When they reached the cottage, mother and son went in. Faroe stayed outside, letting them have their private good-bye. Several minutes later Grace walked out looking furious and frightened.

“He’s fine,” she hissed under her breath. “He got it hidden.” Beneath her fear, there was a bitter kind of anger in her voice.

Faroe didn’t say anything until they were back in the Mercedes and leaving the campus. Then he dragged the satellite cell phone out of his bag and punched up a number out of its memory.

When the call was answered, he spoke quickly. “Get me technical support.” He only had to wait a few seconds. “This is Faroe. Search the tech inventory. I had an experimental Motorola checked out about a year ago. I didn’t bother to return it when I bailed last week. Do me a favor. Activate the GPS pinger on it and get me a lat-lon reading.”

“Hold, please.”

“Holding,” Faroe said.

Grace looked over. “What are you doing?”

Faroe waved off her question. A few seconds later, St. Kilda tech support came back on the line. Faroe listened and memorized.

“One seventeen by thirty-two ten,” Faroe said. “Good, it’s working fine. Now set an alarm perimeter on it. If the damn thing moves more than two nautical miles, let me know ASAP.”

“Twenty-four/seven monitoring?”

“Yes. I know it costs a lot. Call Steele if you have to, but mount that watch now. After the monitor is in place, tell research to find out who owns the Encantamar hotel and Cancion restaurant in Ensenada. Got that?”

“Yes.”

Faroe punched the call off and turned to Grace. “You were saying?”

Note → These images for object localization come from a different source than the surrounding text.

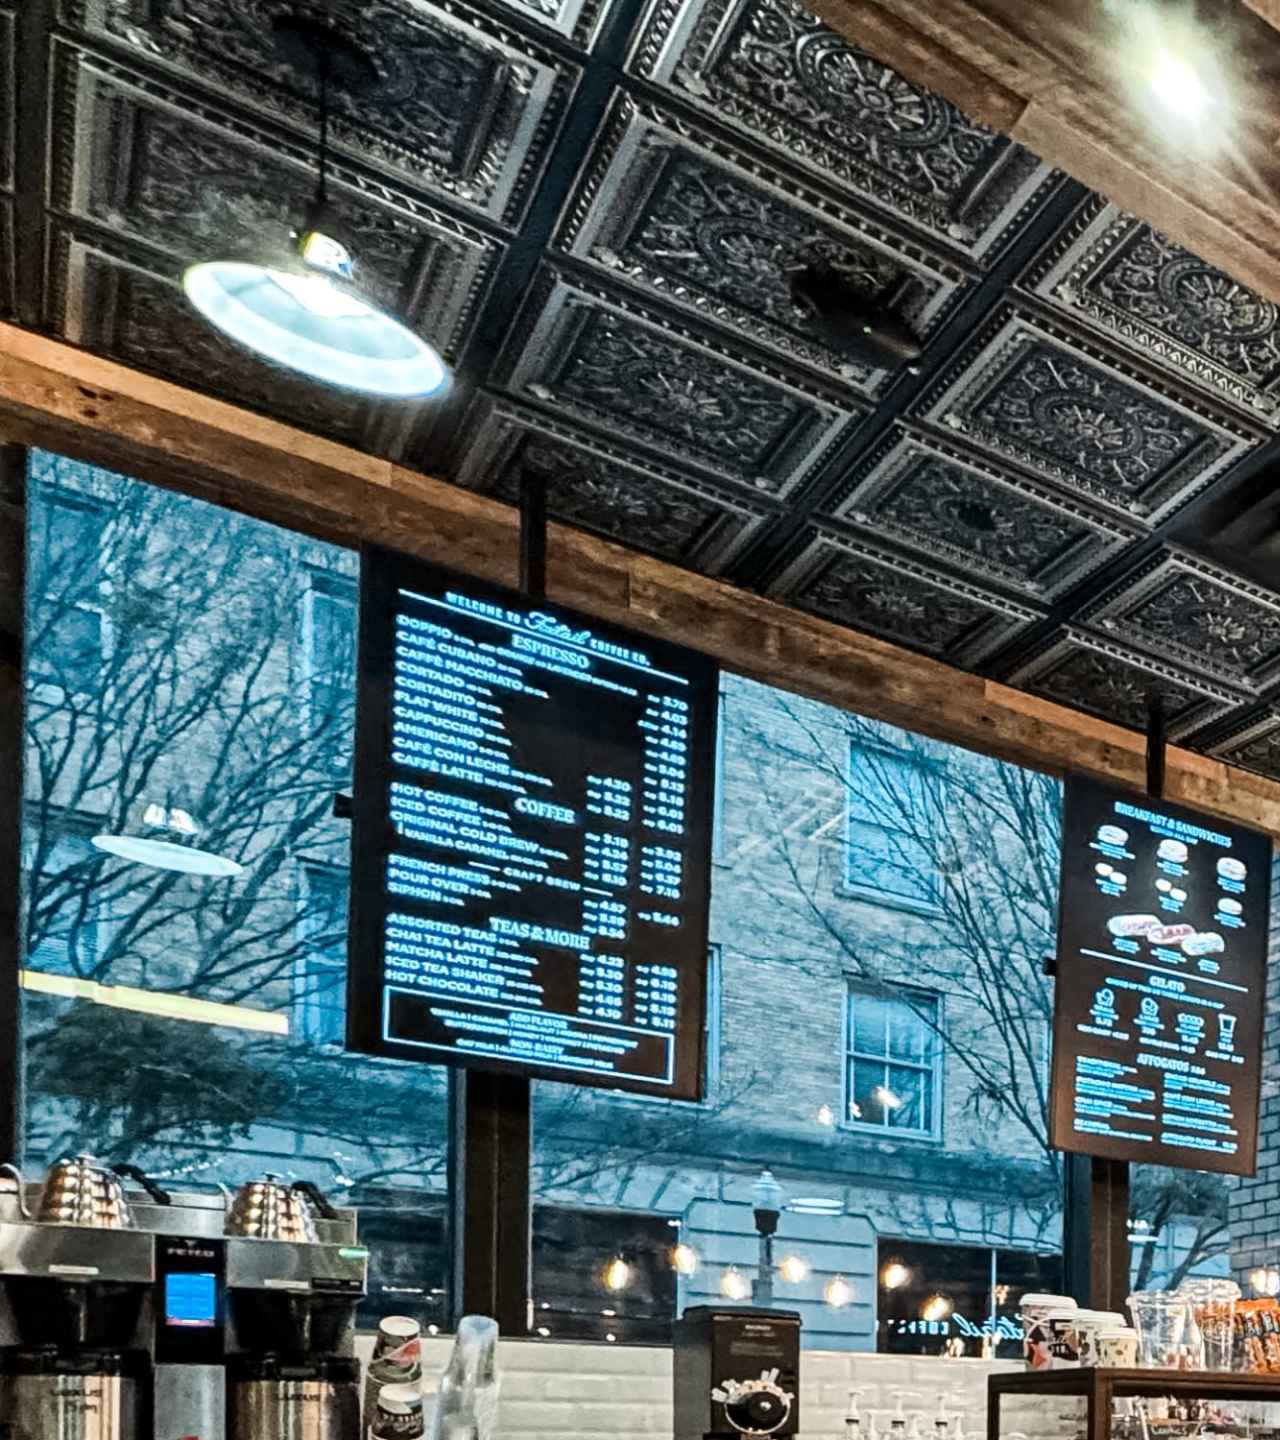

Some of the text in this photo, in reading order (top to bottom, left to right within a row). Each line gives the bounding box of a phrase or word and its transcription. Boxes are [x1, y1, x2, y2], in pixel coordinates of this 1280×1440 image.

[396, 613, 452, 639] DOPPIO
[446, 591, 502, 618] WELCOME
[506, 610, 520, 624] TO
[590, 638, 628, 659] COFFEE
[395, 627, 436, 650] CAFÉ
[437, 641, 496, 668] CUBANO
[511, 633, 590, 670] ESPRESSO
[394, 659, 464, 688] CORTADO
[445, 658, 523, 691] MACCHIATO
[394, 674, 475, 706] CORTADITO
[394, 689, 477, 722] FLAT WHITE
[392, 704, 484, 738] CAPPUCCINO
[393, 719, 478, 752] AMERICANO
[392, 734, 432, 755] CAFÉ
[433, 746, 464, 763] CON
[466, 754, 509, 775] LECHE
[441, 763, 483, 783] LATTE
[390, 780, 423, 798] HOT
[423, 788, 478, 812] COFFEE
[390, 795, 425, 813] ICED
[427, 804, 481, 826] COFFEE
[514, 795, 575, 825] COFFEE
[389, 808, 458, 834] ORIGINAL
[459, 825, 497, 843] COLD
[498, 834, 539, 853] BREW
[1113, 800, 1167, 827] BREAKFAST
[1175, 819, 1232, 848] SANDWICHES
[404, 827, 509, 860] VANILLA CARAMEL
[388, 852, 490, 885] FRENCH PRESS
[388, 867, 469, 894] POUR OVER
[503, 866, 580, 891] CRAFT BREW
[387, 881, 441, 902] SIPHON
[385, 926, 422, 942] CHAI
[423, 933, 451, 948] TEA
[453, 938, 494, 956] LATTE
[386, 911, 461, 935] ASSORTED
[462, 926, 497, 943] TEAS
[384, 954, 419, 970] ICED
[422, 961, 449, 975] TEA
[451, 966, 505, 985] SHAKER
[385, 940, 443, 960] MATCHA
[446, 951, 487, 968] LATTE
[384, 968, 498, 998] HOT CHOCOLATE
[1148, 974, 1186, 993] GELATO
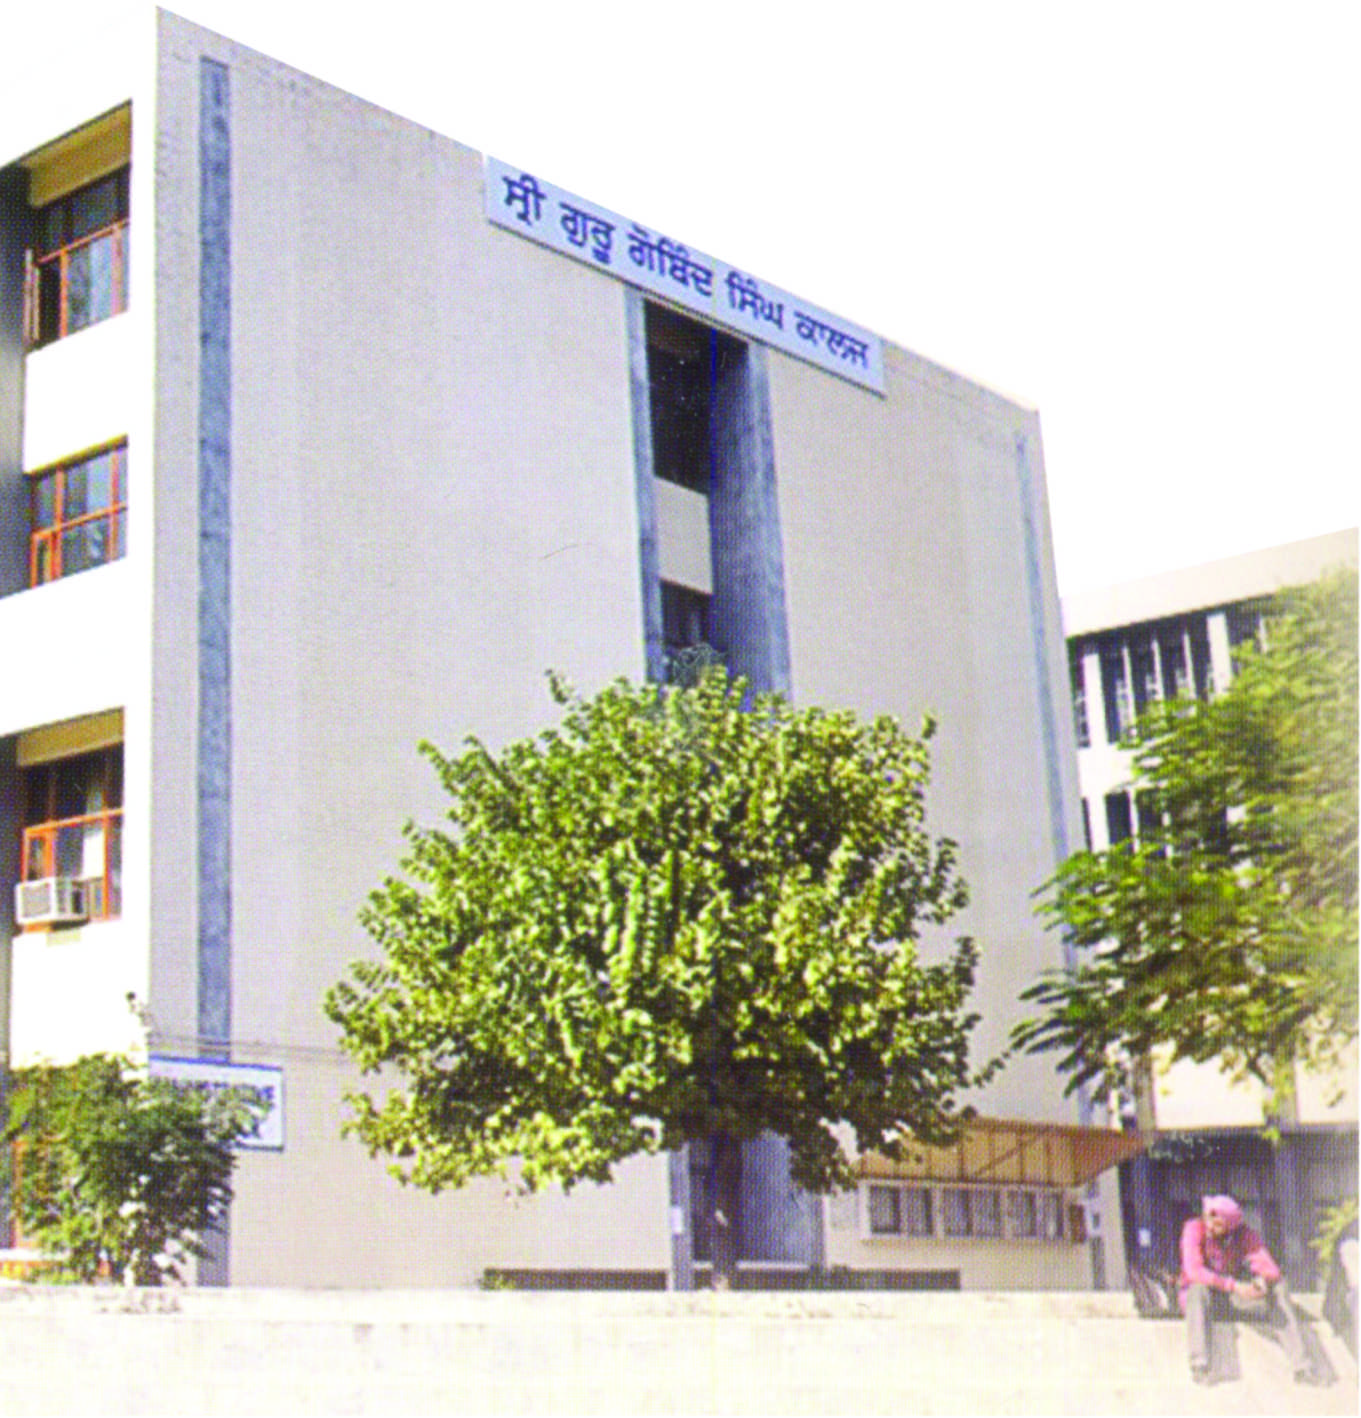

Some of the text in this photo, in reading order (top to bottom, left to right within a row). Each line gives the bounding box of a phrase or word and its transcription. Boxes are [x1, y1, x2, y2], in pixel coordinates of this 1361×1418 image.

[501, 173, 870, 370] ਸ੍ਰੀ ਗੁਰੂ ਗੋਬਿੰਦ ਸਿੰਘ ਕਾਲਜ

“What are you doing?” she repeated.

“Just what it sounded like-setting up a passive surveillance on your son. As long as he can keep the phone within arm’s reach, we’ll know where he is.”

“That’s too dangerous. What if they find out?”

Faroe turned onto the toll road and headed south, toward Ensenada. “What are they going to do, spank him? Come on, Your Honor, get serious.”

“I am,” she shot back. “You might as well have given him a loaded gun.”

“Hell of an idea. Did you have one handy?” Faroe gave her a hard sideways look. “I didn’t think so.”

“You’re crazy! If they find that phone, they’ll know that I-”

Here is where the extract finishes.